Both companies struggled with declining memory chip prices throughout 2019, as sluggish shipments to smartphone and PC makers caused a global glut of chips. DRAM and NAND prices gradually stabilized in 2020, but that recovery was throttled by pandemic-related disruptions in the first half of the year.
However, investors have been much more bullish on Micron than WD over the past 12 months. Micron’s stock price rallied more than 50% as its memory chip sales improved, while WD’s stock price remained nearly flat as its weak HDD business largely offset the growth of its NAND business. Will Micron remain a stronger investment than WD throughout the rest of the year?
The key differences between Micron and WD
Micron generated 70% of its revenue from DRAM chips, another 27% from NAND chips, and the rest from other types of memory last quarter. That business model makes it the only “pure play” on memory chips in the U.S. market.
WD, which significantly expanded its NAND business by acquiring SanDisk in 2016, generated 52% of its revenue from flash products last quarter. The remaining 48% came from its legacy HDD business.
WD’s HDD business has been shrinking as more PC makers have shifted to SSDs, which are pricier but also smaller, faster, more power-efficient, and less prone to damage than platter-based drives. It’s trying to counter that secular shift by selling higher-capacity HDDs to enterprise and data center customers, but the segment’s revenue and margin will likely continue to decline for the foreseeable future.
WD and Micron rank third and fifth, respectively, in the global NAND market, according to TrendForce’s latest numbers. Samsung and Kioxia (formerly known as Toshiba Memory) rank first and second, respectively, and SK Hynix ranks fourth. However, SK Hynix will likely jump to third place after it closes its forthcoming takeover of Intel‘s (NASDAQ:INTC) NAND business.
In the HDD market, WD shares a near-duopoly with Seagate Technology (NASDAQ:STX), which hasn’t aggressively followed its lead into the NAND market yet.
Which company is growing faster?
Micron’s revenue declined 8% to $21.4 billion in fiscal 2020, which ended last September, as it grappled with low DRAM and NAND prices in the first half of the year. But its revenue rose in the second half of the year thanks to rising sales of PCs during the pandemic, the production of new 5G smartphones and gaming consoles, and robust orders from data center customers.
Those accelerating tailwinds boosted its revenue and adjusted earnings by 12% and 63%, respectively, in the first quarter of 2021. Its DRAM revenue jumped 17% year over year, and its NAND revenue grew 11%.
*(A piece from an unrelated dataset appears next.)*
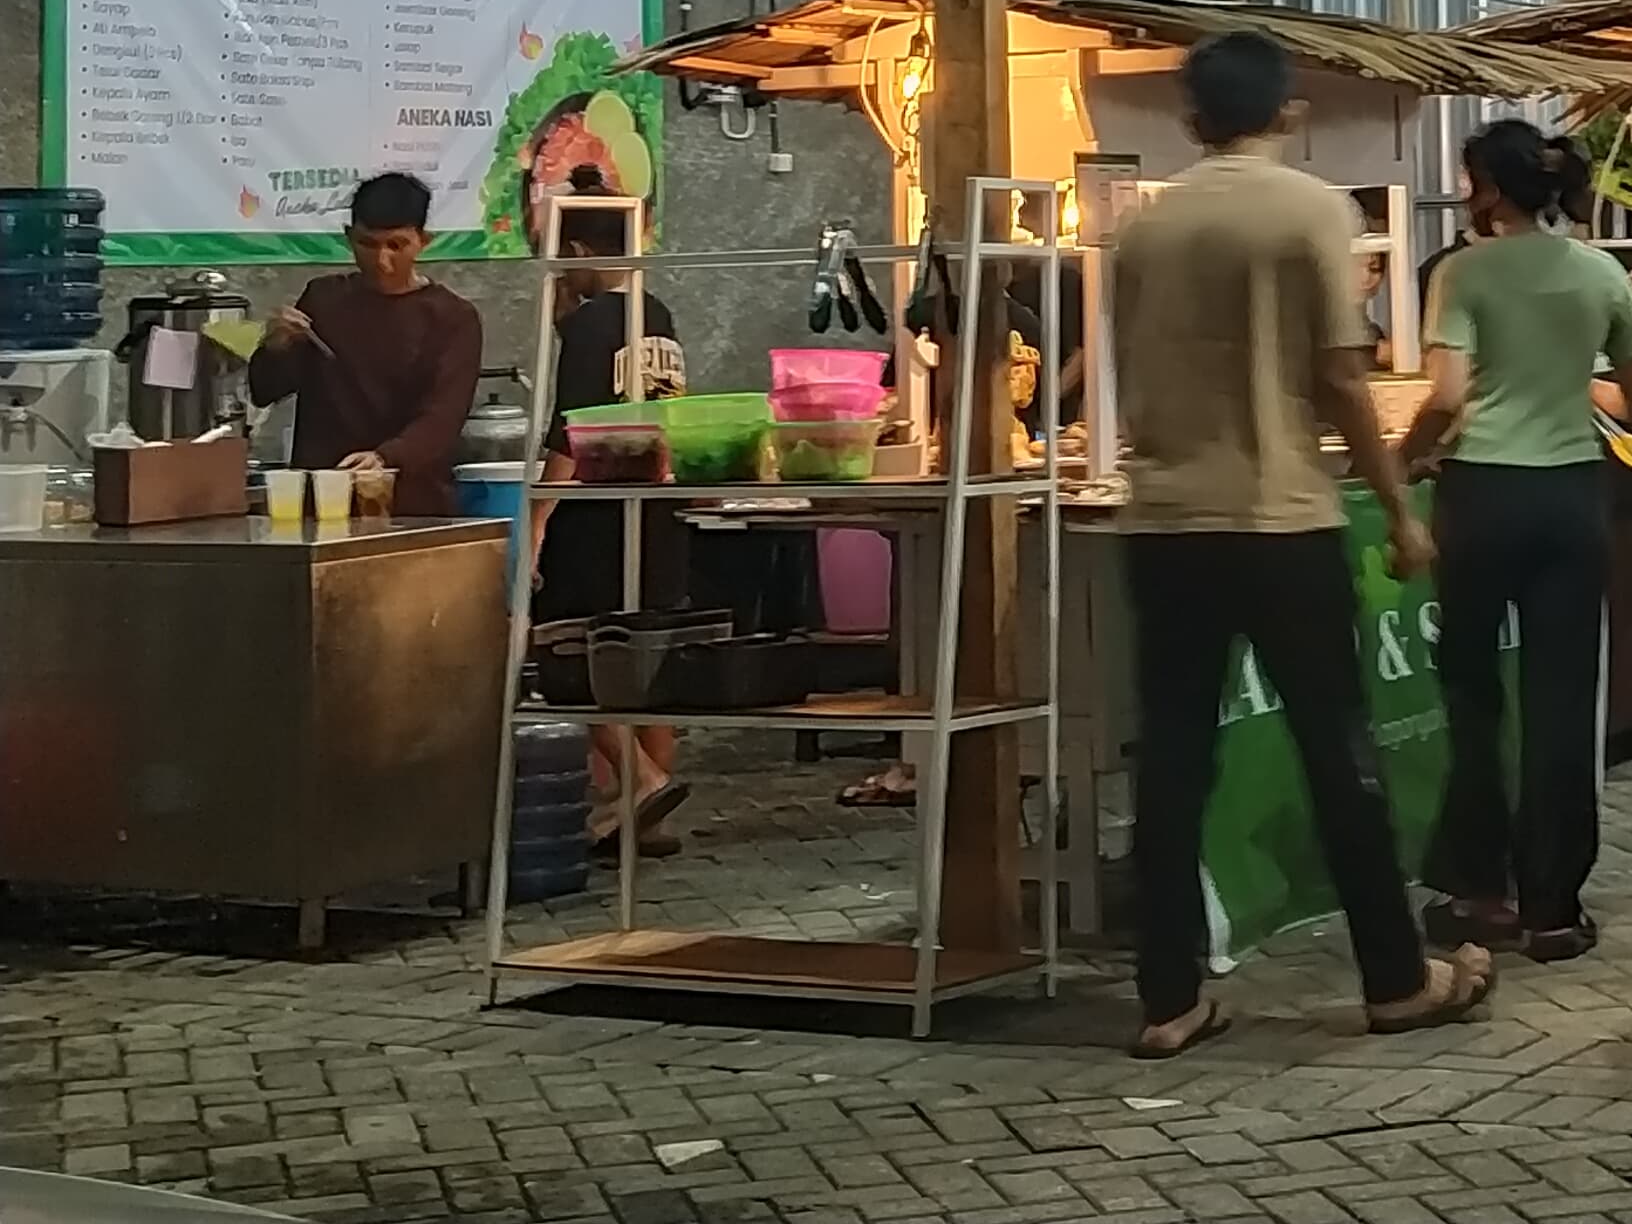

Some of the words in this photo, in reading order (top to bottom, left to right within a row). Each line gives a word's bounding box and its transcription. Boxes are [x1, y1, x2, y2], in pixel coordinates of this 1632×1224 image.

[397, 108, 452, 126] ANEKA
[455, 110, 493, 127] NASI
[1378, 610, 1414, 680] &
Micron expects DRAM and NAND prices to rise throughout 2021. Based on these catalysts, analysts expect its revenue and earnings to rise 17% and 47%, respectively, for the full year — which are impressive growth rates for a stock that trades at just 11 times forward earnings.
Western Digital’s revenue rose 1% to $16.7 billion in fiscal 2020, which ended last July. However, its adjusted earnings plunged 37% as weak NAND prices crushed the flash unit’s margins and its HDD margins continued to contract.
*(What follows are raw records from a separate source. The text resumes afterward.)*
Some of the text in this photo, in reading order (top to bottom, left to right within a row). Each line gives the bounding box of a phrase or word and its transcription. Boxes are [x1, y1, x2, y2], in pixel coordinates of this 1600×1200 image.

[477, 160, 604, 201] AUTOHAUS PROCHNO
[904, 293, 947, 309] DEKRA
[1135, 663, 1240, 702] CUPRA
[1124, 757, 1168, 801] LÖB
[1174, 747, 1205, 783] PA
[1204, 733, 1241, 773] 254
WD’s fortunes didn’t improve in the first half of fiscal 2021. Its revenue dipped 5% year over year to $7.9 billion during those six months, as its weak HDD business offset its rebounding flash revenue.
WD’s HDD business struggled as weak demand from data center customers offset stronger demand from PC makers during the pandemic. The HDD segment’s declining margins also partly offset its expanding flash margins.
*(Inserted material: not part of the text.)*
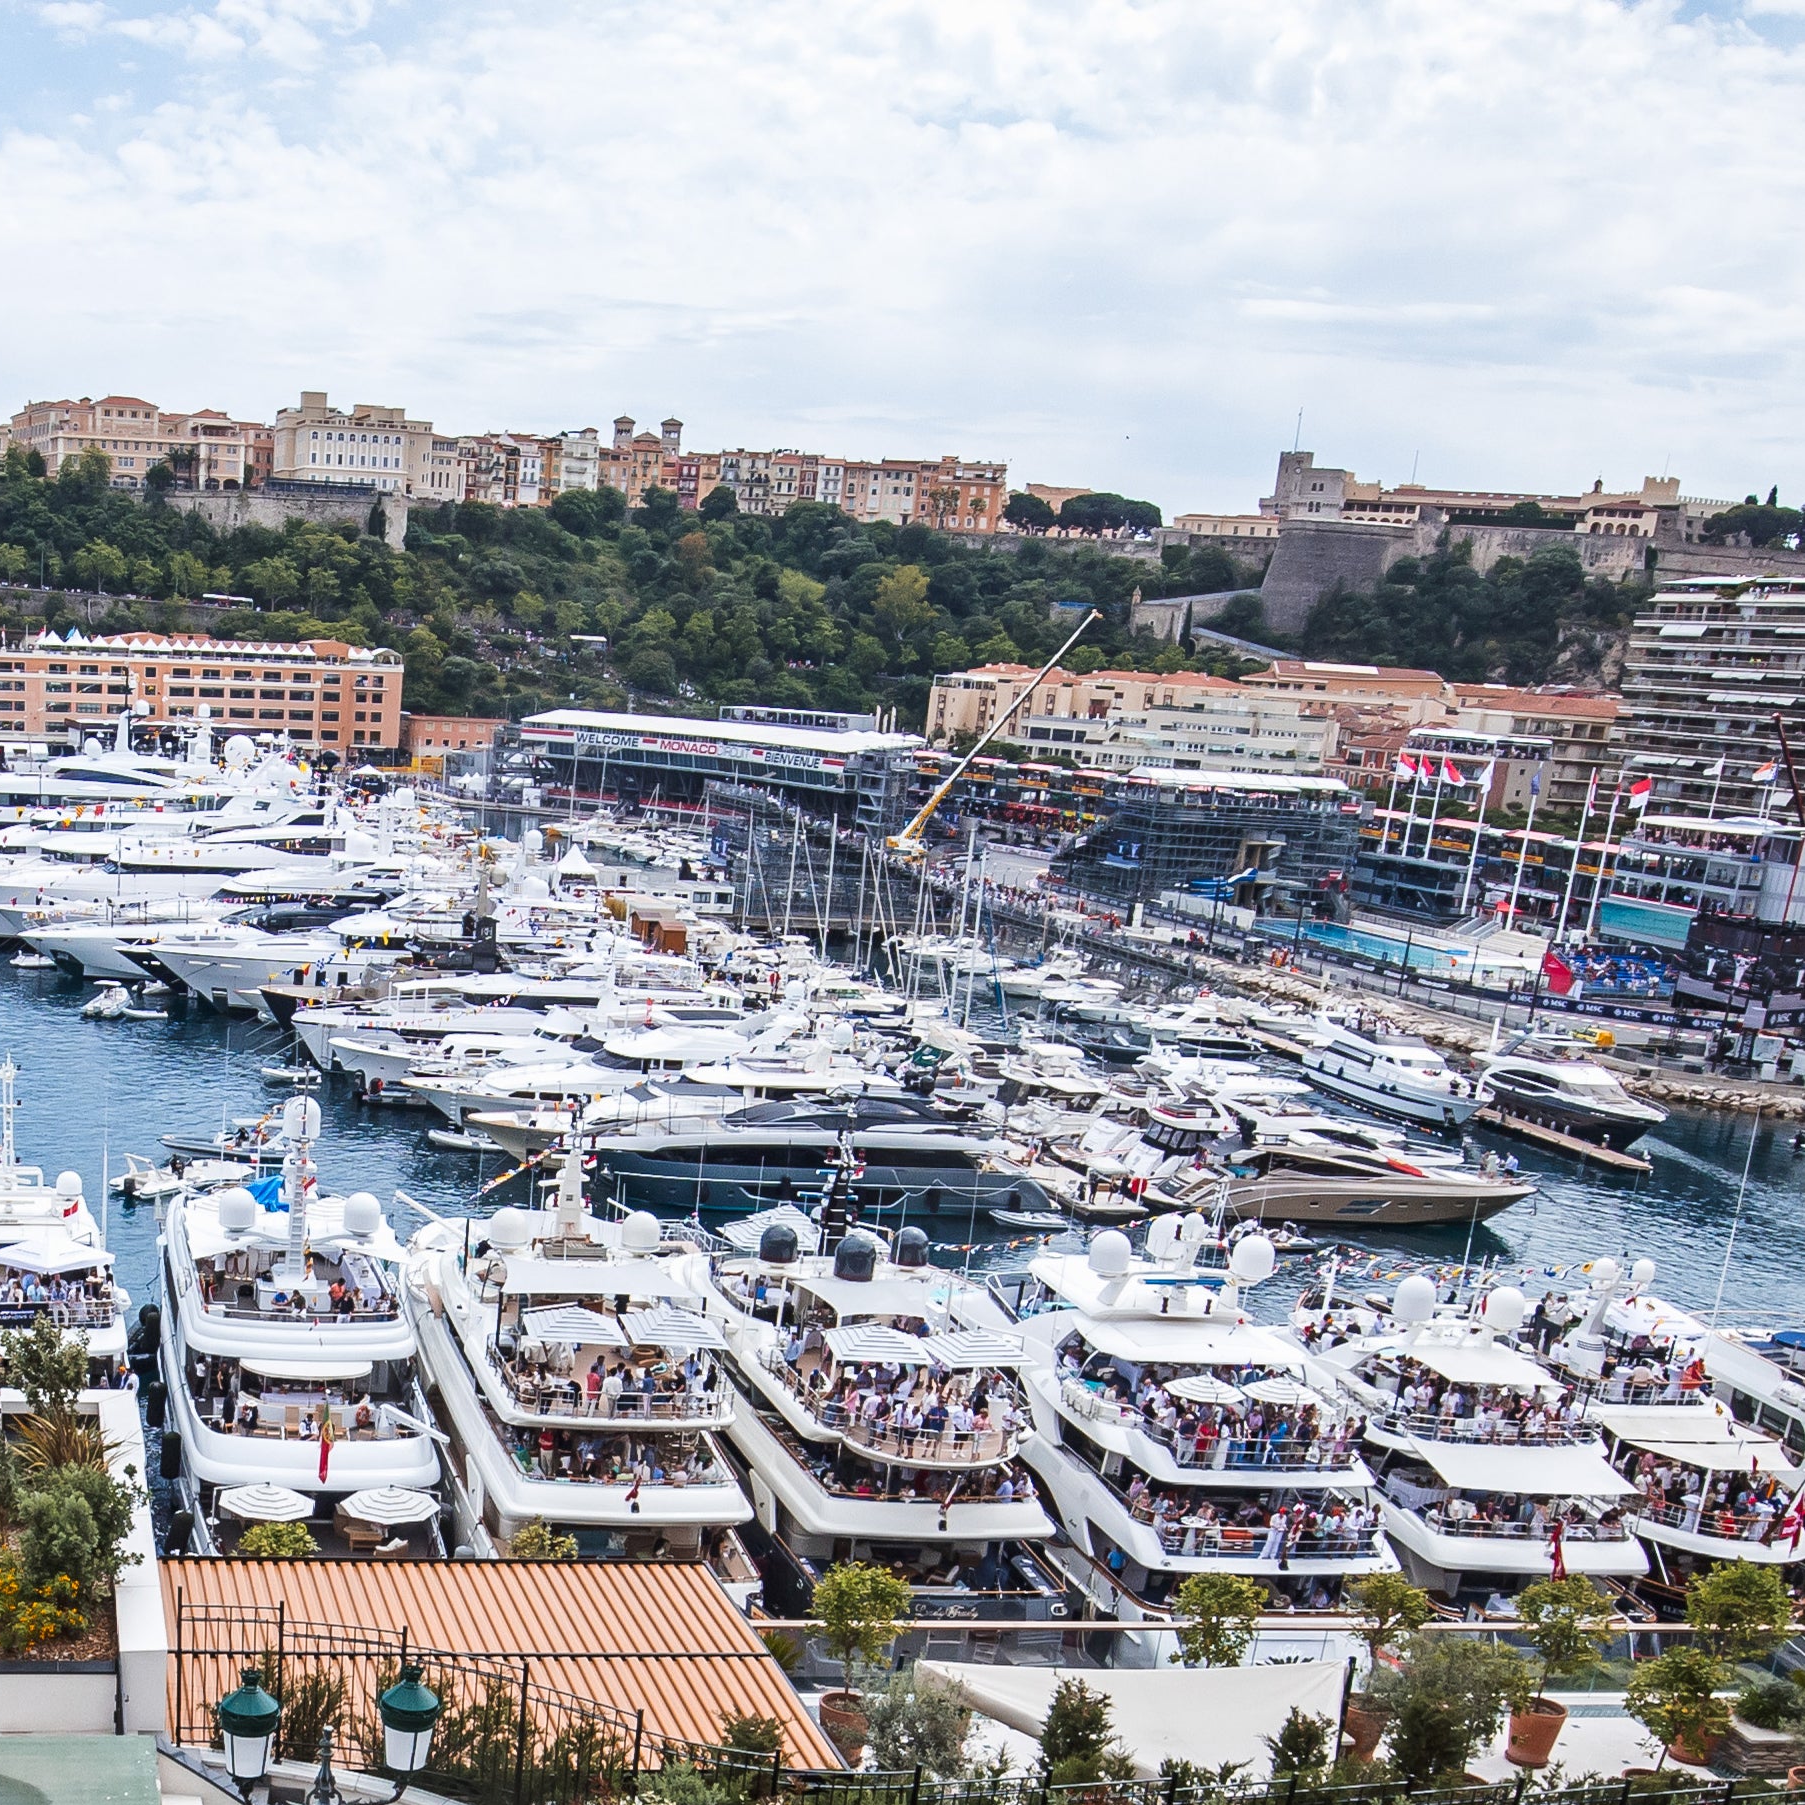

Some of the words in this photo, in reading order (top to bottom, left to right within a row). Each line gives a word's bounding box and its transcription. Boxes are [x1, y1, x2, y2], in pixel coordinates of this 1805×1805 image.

[576, 732, 639, 748] WELCOME
[660, 739, 717, 755] MONACO
[764, 752, 820, 769] BIENVENUE
However, WD’s adjusted earnings still rose 40%, thanks to lower spending during the pandemic and an easy year-over-year comparison to the first half of 2020. Unfortunately, analysts expect its revenue and earnings to both decline about 4% for the full year before turning positive again in fiscal 2022.
WD’s stock also trades at 11 times forward earnings, but it deserves that discount valuation a lot more than Micron. It also suspended its dividend last May, and probably won’t reinstate those payments anytime soon. Micron hasn’t paid a dividend since the 1990s.
The winner: Micron
I recently said Western Digital was a better investment than Intel since it has a clearer path to a turnaround than the struggling CPU maker.
But WD definitely isn’t a better buy than Micron, which is recovering at a faster rate while trading at the same forward P/E ratio. Micron isn’t as diversified as WD, but its streamlined exposure to the DRAM and NAND markets, along with its lack of a legacy HDD business, clearly make it a better overall investment.
This article represents the opinion of the writer, who may disagree with the “official” recommendation position of a Motley Fool premium advisory service. We’re motley! Questioning an investing thesis — even one of our own — helps us all think critically about investing and make decisions that help us become smarter, happier, and richer.